What is being asked –
Could you restate the whole listing below word for word, minus the pictures?

Records for this task –
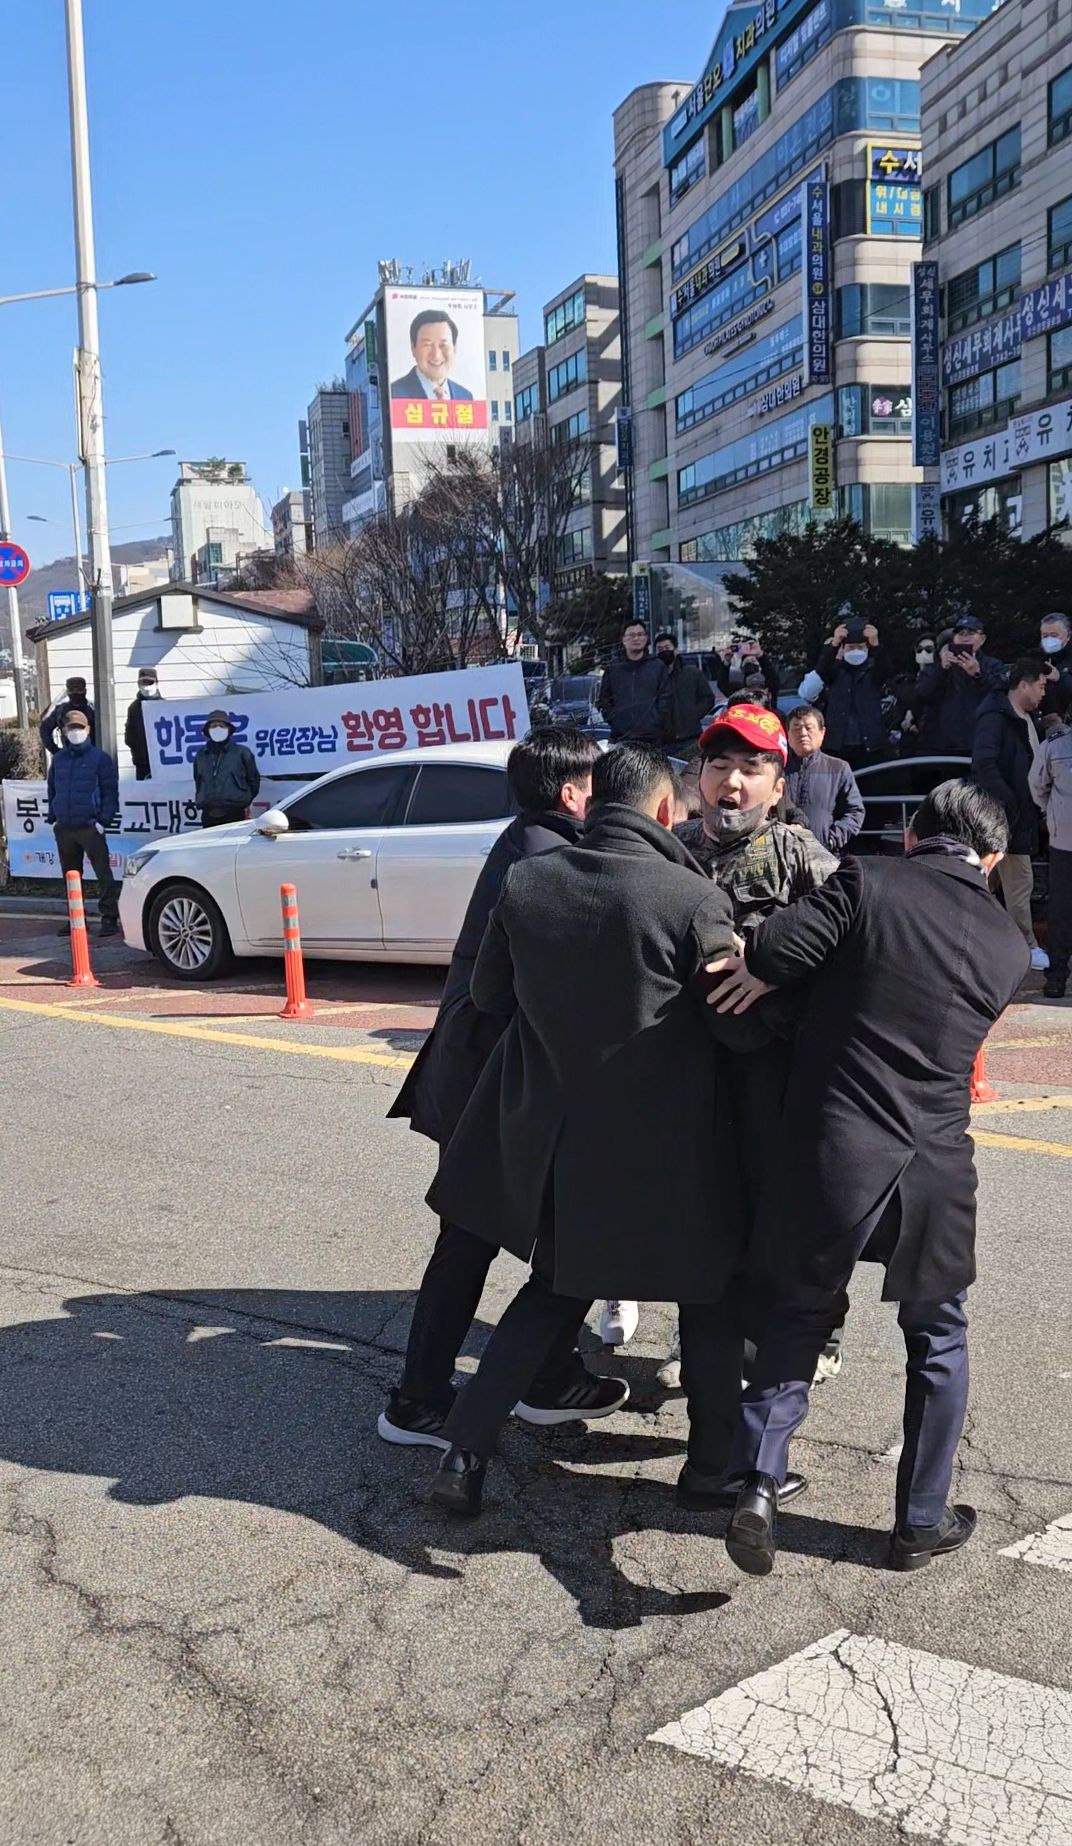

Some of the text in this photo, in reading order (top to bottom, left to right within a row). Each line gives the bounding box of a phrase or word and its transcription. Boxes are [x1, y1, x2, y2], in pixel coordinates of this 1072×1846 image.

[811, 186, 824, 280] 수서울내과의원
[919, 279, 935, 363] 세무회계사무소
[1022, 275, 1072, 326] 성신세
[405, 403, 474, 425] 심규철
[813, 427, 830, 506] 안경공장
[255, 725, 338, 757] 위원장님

Completed task –
Some of the text in this photo, in reading order (top to bottom, left to right within a row). Each line gives the bounding box of a phrase or word and its transcription. Boxes are [x1, y1, x2, y2], in pixel coordinates of this 1072×1846 image.

[811, 186, 824, 280] 수서울내과의원
[919, 279, 935, 363] 세무회계사무소
[1022, 275, 1072, 326] 성신세
[405, 403, 474, 425] 심규철
[813, 427, 830, 506] 안경공장
[255, 725, 338, 757] 위원장님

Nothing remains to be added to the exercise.